SENTENCIA CONSTITUCIONAL PLURINACIONAL 0484/2023-S4
Tribunal Constitucional Plurinacional de Bolivia

SENTENCIA CONSTITUCIONAL PLURINACIONAL 0484/2023-S4

Fecha: 12-Jun-2023

III. FUNDAMENTOS JURÍDICOS DEL FALLO

El accionante a través de su representante sin mandato, denuncia la lesión de su derecho a la libertad de locomoción y a la dignidad; toda vez que, los ahora demandados pese a haberle emitido su alta médica le impidieron abandonar el Hospital Harry Williams, donde se le brindó atención médica, exigiendo previamente la cancelación total de lo adeudado; por lo que, fue retenido ilegalmente.

En consecuencia, corresponde analizar en revisión, si tales extremos son evidentes, a fin de conceder o denegar la tutela impetrada.

III.1. Retención de pacientes en centros hospitalarios a objeto de obtener el pago por atención médica

La SCP 0296/2018-S4 de 27 de junio, pronunciándose sobre la retención de pacientes dados de alta en recintos hospitalarios públicos o privados por falta de pago de servicios de atención médica, estableció que: “La Constitución Política del Estado en su art. 22, establece que: ‘La dignidad y la libertad de la persona son inviolables. Respetarlas y protegerlas es deber primordial del Estado’.

Asimismo, el art. 117.III de la misma Norma Suprema, dispone que: ‘No se impondrá sanción privativa de libertad por deudas u obligaciones patrimoniales, excepto en los casos establecidos por incumplimientos de deberes alimentarios’.

Entretanto, la Convención Americana sobre Derechos Humanos, en su art. 7.7, determina que: ‘Nadie será detenido por deudas. Este principio no limita los mandatos de autoridad judicial competente dictados por incumplimientos de deberes alimentarios’.

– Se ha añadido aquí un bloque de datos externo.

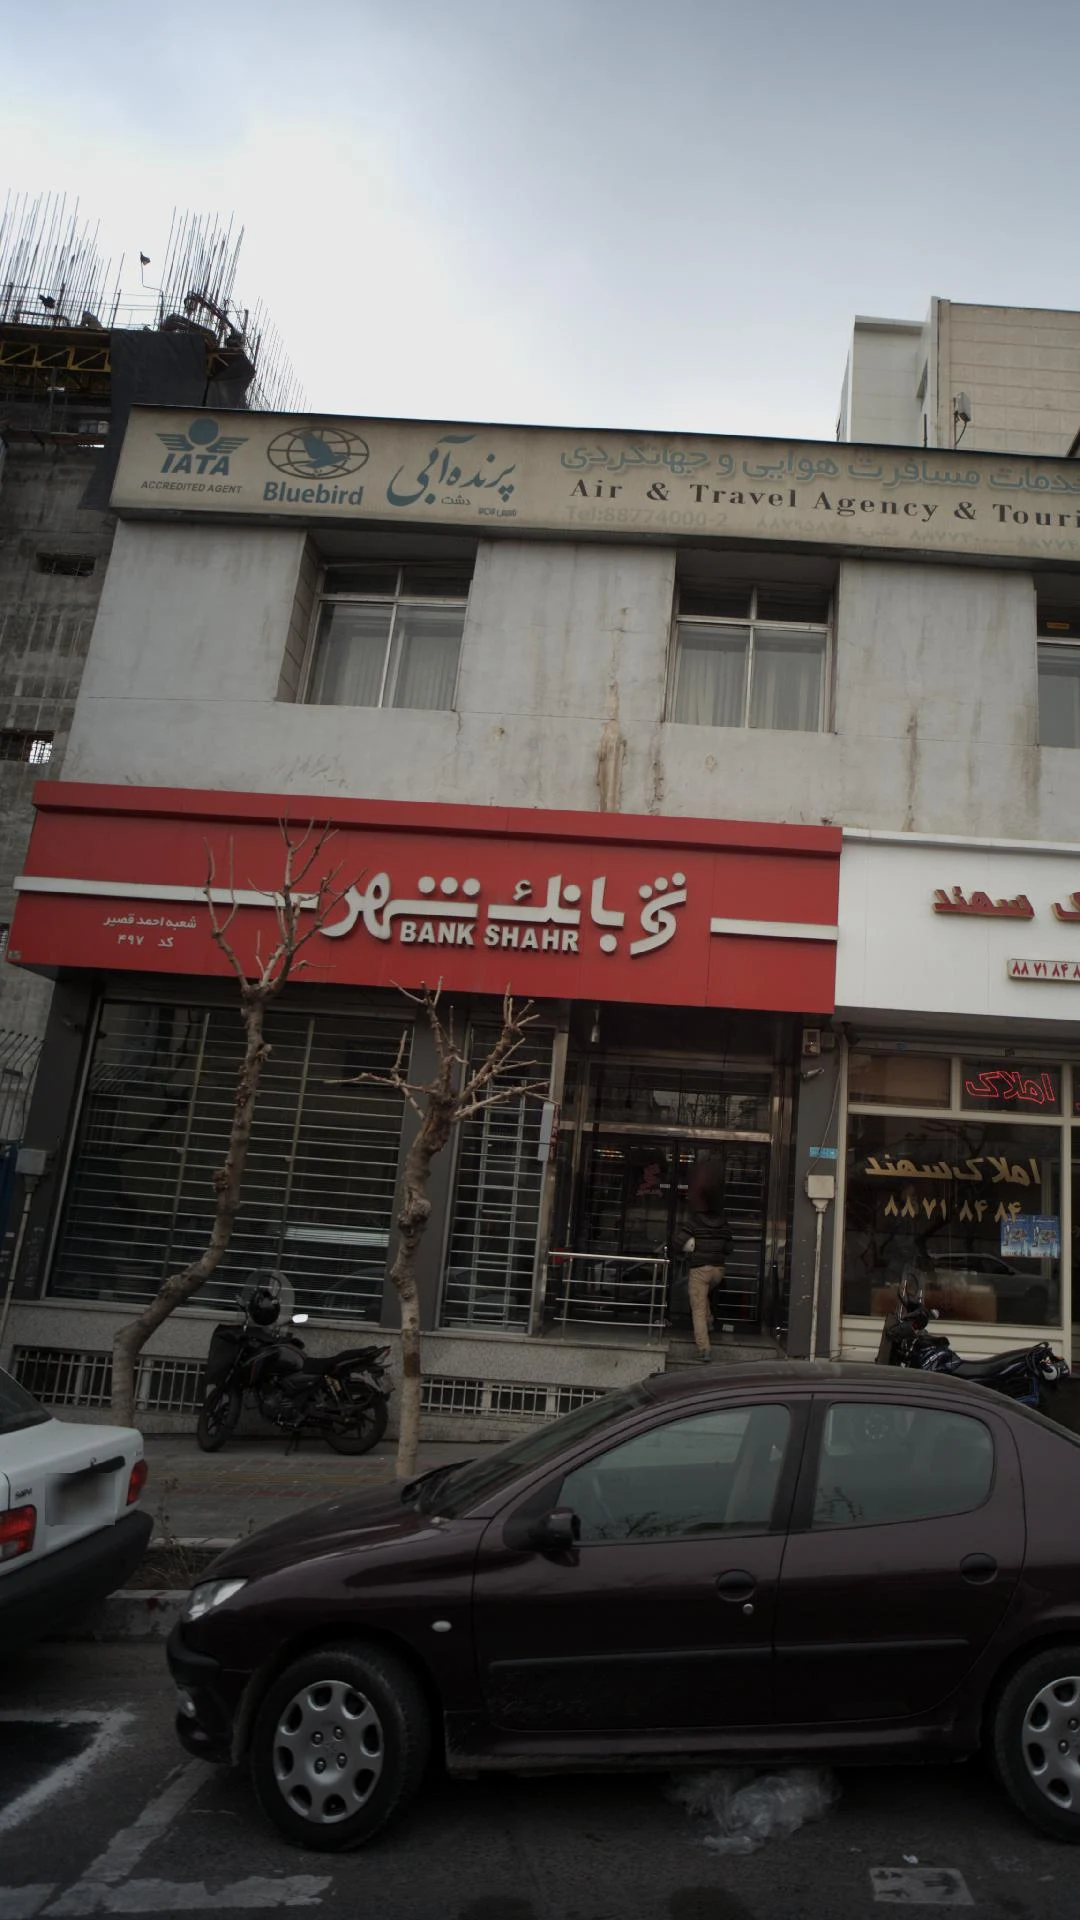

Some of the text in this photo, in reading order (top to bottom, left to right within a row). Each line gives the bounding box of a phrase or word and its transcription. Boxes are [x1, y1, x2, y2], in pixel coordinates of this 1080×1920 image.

[160, 452, 230, 476] IATA
[386, 433, 517, 507] پرنده آبی
[560, 443, 709, 475] جهانگردی
[715, 451, 735, 476] و
[742, 450, 839, 481] هوایی
[847, 453, 981, 488] مسافرت
[140, 480, 242, 494] ACCREDITED AGENT
[263, 481, 364, 506] Bluebird
[569, 479, 623, 498] Air
[646, 482, 671, 501] &
[689, 483, 797, 508] Travel
[812, 491, 939, 522] Agency
[954, 501, 978, 521] &
[319, 871, 625, 953] بانک شهر
[932, 886, 1035, 920] سهند
[102, 912, 196, 930] شعبه احمد قصیر
[116, 933, 174, 949] کد ۴۹۷
[400, 921, 580, 953] BANK SHAHR
[964, 1070, 1056, 1104] املاک
[864, 1153, 954, 1181] سهند
[954, 1156, 1042, 1186] املاک

De otro lado, el art. 6 de la Ley de Abolición de Prisión y Apremio Corporal por Obligaciones Patrimoniales (LAPACOP), establece que: ‘En los casos de obligaciones de naturaleza patrimonial, el cumplimiento forzoso de las mismas podrá hacerse efectivo únicamente sobre el patrimonio del o de los sujetos responsables, sin que en ninguno de los siguientes casos sea procedente el apremio corporal del deudor’.

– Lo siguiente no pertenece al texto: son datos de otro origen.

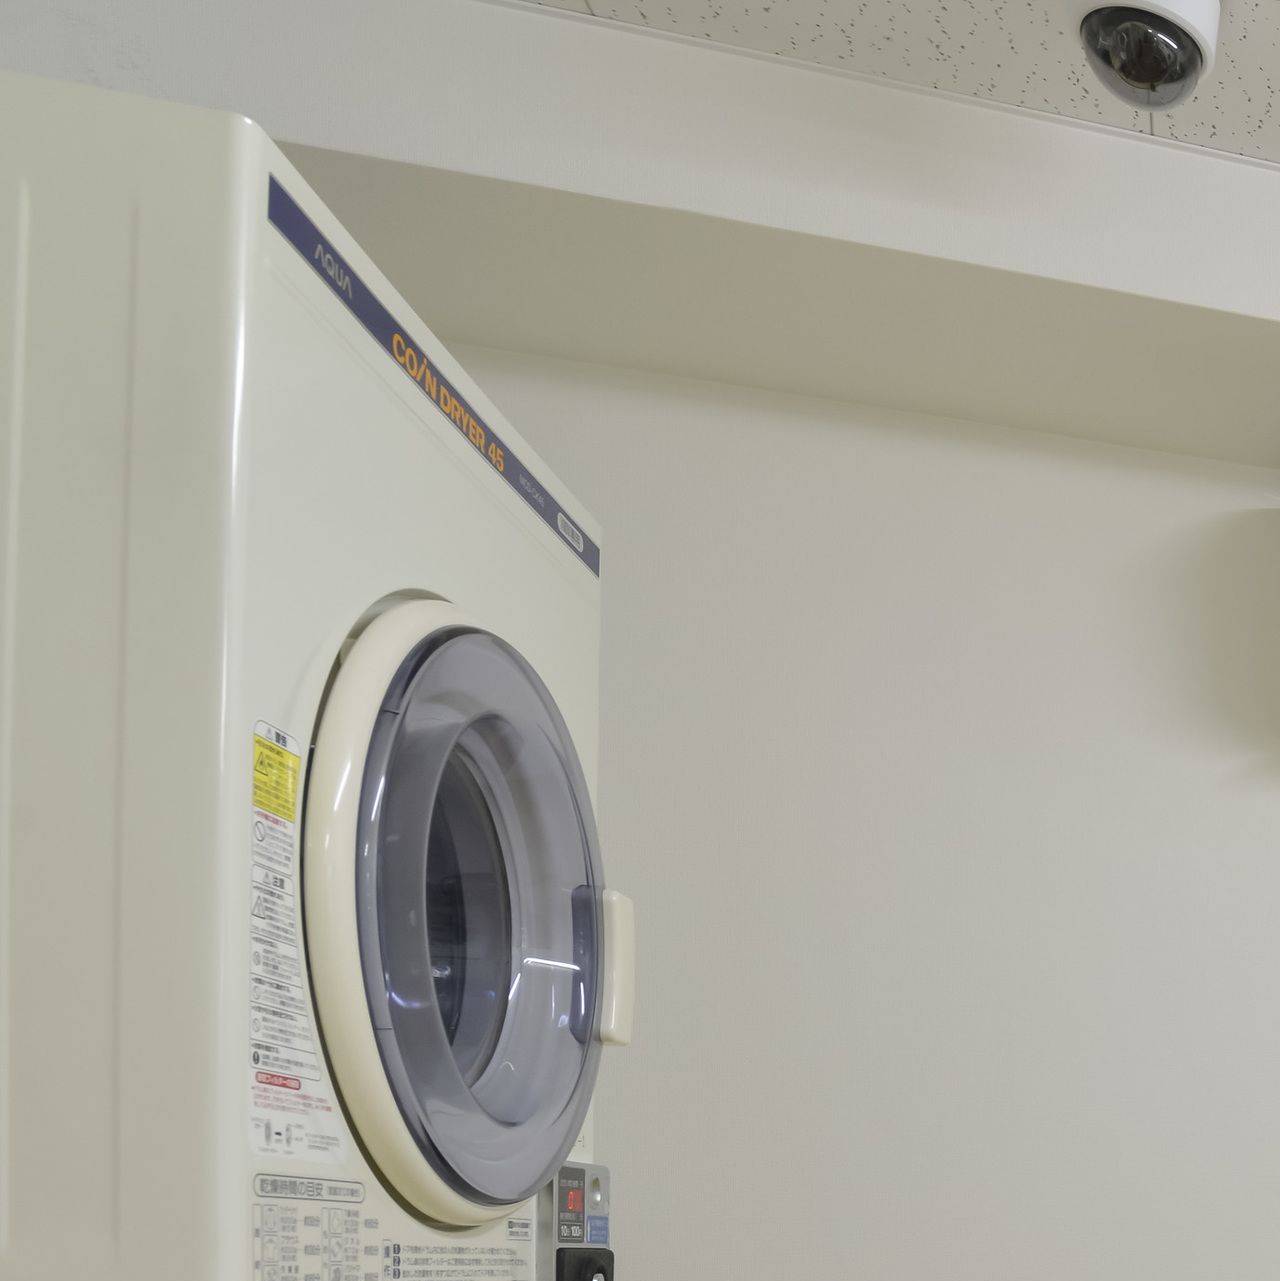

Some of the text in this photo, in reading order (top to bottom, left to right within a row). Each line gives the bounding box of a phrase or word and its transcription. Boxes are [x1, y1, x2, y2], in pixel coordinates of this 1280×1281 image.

[315, 244, 353, 299] AQUA
[393, 333, 505, 473] COIN DRYER 45

Por su parte, la jurisprudencia constitucional a través de la SCP 1219/2012 de 6 de septiembre, señaló que: ‘A partir de la prohibición de la libertad arbitrariamente, establecida por el art. 23.III de la CPE, y teniendo en cuenta la dignidad de la persona humana, la retención de pacientes dados de alta a efectos de garantizar el pago de servicios de atención médica y honorarios profesionales se constituye en una lesión a la libertad individual y de locomoción, además de vulnerar la dignidad de la persona humana, y por lo mismo prohibida por la Constitución y las leyes. En este sentido el Tribunal Constitucional, a través de la SC 0101/2002-R de 29 de enero, señaló: «…la retención de los recurrentes se convierte en una típica privación de la libertad física que se genera en la intención del recurrido de hacer efectivo el pago de una suma de dinero que aquéllos adeudan al Hospital por los servicios hospitalarios y médicos prestados. Se califica de ilegal la conducta, decisión y acto del recurrido, por ser contraria a la norma prevista por el art. 7.7 de la Convención Americana sobre Derechos Humanos por cuyo mandato ‘Nadie será detenido por deudas’, así como la norma prevista por el art. 6 de la Ley 1602 de ‘Abolición de Prisión y Apremio Corporal por Obligaciones Patrimoniales’, disposición legal que establece como norma que ‘en los casos de obligaciones de naturaleza patrimonial, el cumplimiento forzoso de las mismas podrá hacerse efectivamente únicamente sobre el patrimonio del o los sujetos responsables…’».

En esta lógica, se concluye que los centros hospitalarios sean éstos de carácter público o privado, cuando retienen en sus instalaciones a los pacientes dados de alta, o en su caso se nieguen a darles el alta con la finalidad de obligar a los mismos pacientes o a sus familiares al pago de la deuda por los servicios prestados, lesionan el derecho a la libertad individual y de locomoción de la persona (SC 0074/2010-R de 3 de mayo), a esto debemos sumar la lesión que sufre su derecho a la dignidad, por cuanto se desnaturaliza la esencia del ser humano, dejando de ser un fin en sí mismo, para responder a un fin ajeno, en este caso el cumplimiento de una obligación de índole patrimonial; como refiere la mencionada SC 0101/2002-R, éste tipo de obligaciones encuentran su consecución, a través de los mecanismos establecidos por ley y solamente sobre el patrimonio del obligado, nunca sobre su misma persona.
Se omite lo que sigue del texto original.